Deep learning CT model superior to state-of-the-art methods

More than 80 million CT scans were performed in 2015 in the U.S. While low-dose CT (LDCT) produces more noise than its traditional counterpart, which can limit radiation exposure, the modality does sacrifice diagnostic ability.

A University of Saskatchewan team has created a deep learning technique that demonstrated enhanced de-noising capabilities in LDCT imaging, resulting in little resolution loss and better performance, according to a study published in the Journal of Digital Imaging.

The artificial intelligence (AI) algorithm known as the sharpness-aware generative adversarial network (SAGAN) was applied to both simulated CT image data and real data images.

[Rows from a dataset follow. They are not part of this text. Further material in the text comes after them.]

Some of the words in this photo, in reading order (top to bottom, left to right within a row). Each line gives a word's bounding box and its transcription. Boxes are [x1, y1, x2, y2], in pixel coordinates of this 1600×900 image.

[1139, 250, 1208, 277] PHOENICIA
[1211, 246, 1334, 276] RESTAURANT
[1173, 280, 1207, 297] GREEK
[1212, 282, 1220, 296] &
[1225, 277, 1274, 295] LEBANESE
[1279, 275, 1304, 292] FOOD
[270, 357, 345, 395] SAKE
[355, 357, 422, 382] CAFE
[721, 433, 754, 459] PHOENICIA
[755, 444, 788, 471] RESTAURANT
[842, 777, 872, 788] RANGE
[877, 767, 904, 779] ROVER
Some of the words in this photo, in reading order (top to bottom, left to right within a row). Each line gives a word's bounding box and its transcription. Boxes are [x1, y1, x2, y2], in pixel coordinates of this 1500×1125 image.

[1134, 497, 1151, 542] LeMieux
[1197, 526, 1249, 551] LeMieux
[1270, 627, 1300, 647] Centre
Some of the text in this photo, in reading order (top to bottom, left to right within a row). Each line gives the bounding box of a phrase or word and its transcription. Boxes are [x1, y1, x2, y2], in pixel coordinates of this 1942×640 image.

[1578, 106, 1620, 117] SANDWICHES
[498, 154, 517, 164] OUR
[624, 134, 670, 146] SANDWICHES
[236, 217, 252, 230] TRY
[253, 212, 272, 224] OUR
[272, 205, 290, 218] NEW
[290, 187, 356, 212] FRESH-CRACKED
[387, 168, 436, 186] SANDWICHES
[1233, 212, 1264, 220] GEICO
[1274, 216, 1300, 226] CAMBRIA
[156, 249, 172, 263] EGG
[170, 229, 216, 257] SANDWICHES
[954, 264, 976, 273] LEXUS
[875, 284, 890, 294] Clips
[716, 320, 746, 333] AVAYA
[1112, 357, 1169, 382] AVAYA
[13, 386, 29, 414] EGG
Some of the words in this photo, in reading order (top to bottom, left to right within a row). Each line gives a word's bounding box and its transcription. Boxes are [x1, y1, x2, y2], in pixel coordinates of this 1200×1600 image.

In the simulated group, 239 normal-dose CT images were downloaded from the National Cancer Imaging Archive (NCIA). To test the algorithm in real data sets, 850 CT scans of a deceased animal model were acquired, with 708 of those used for training the algorithm and 142 for testing.

The SAGAN method recovered the low-contrast zoom regions much sharper than other methods tested in the study. It also recovered small details more effectively, producing clearer images compared to traditional methods tested in the research.

“The proposed SAGAN achieves improved performance in the quantitative assessment and the visual results are more appealing than the tested competitors,” wrote corresponding author Xin Yi, with the University of Saskatchewan’s College of Medicine in Canada, and colleagues.

Authors acknowledge all deep-learning methods, including the ones tested in this study, need to be trained against a specific dosage level. While the team did train their method on clinical patient data, it was mostly geared to analyze the quality of de-noised images. The performance of these algorithms still needs to be tested in clinical practice.